Mr. Volker, a former U.S. ambassador to the North Atlantic Treaty Organization, has served as an unpaid volunteer in the Ukraine post since 2017. He couldn’t be reached for comment.

A State Department spokesman confirmed that Mr. Volker, at Mr. Yermak’s request, put Mr. Yermak in touch with Mr. Giuliani. “Mr. Giuliani is a private citizen and acts in a personal capacity as a lawyer for President Trump,” the spokesman said. “He does not speak on behalf of the U.S. Government.”

Six days after the text, President Trump in a phone call pressed Mr. Zelensky to pursue investigations, including a probe into the activities of former vice president and current Democratic presidential candidate Joe Biden. During the call, Mr.

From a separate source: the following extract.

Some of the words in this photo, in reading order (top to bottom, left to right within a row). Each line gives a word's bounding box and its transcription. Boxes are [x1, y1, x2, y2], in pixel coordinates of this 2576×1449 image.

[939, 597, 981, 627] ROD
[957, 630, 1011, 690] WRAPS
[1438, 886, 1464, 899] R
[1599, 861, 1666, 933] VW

Trump repeatedly said Mr. Zelensky should connect with Mr. Giuliani and Attorney General William Barr, according to a record of the call released by the White House Wednesday. Mr. Trump has defended the phone call as “perfect.”

At least for now, Mr. Trump remains enamored with Mr. Giuliani, people close to the president said. Mr. Trump has frequently praised his lawyer in public and in private for his loyalty and commitment to uncovering what both men believe is inappropriate behavior by Mr. Biden, who hasn’t been accused of wrongdoing. One administration official said it was unlikely that Mr. Trump’s allies would even try to convince the president to cut ties with Mr. Giuliani because of the two men’s tight bond.

White House aides over the past year have grown accustomed to—if not comfortable with—the close relationship between the two men. Mr. Trump and Mr. Giuliani typically meet at the White House alone, aides say. Their meetings—like many with Mr. Trump’s close friends—are rarely on the president’s schedule that is circulated among aides.

While serving as the president’s lawyer, a role for which he doesn’t draw a paycheck, Mr. Giuliani has also drawn scrutiny for his frequent trips abroad, where foreign officials say they have been uncertain whether he is speaking for himself or as a U.S. government representative.

Mr. Giuliani has met with foreign leaders including the king of Bahrain. Last year, he wrote to the president of Romania to criticize the country’s anticorruption investigations, according to a copy of the letter released by Senate Democrats. His position in the letter is counter to that of the State Department.

Mr. Giuliani said at the time that he was working on behalf of his security company, Giuliani Security & Safety, which had been retained by a security company run by former Federal Bureau of Investigation Director Louis J. Freeh.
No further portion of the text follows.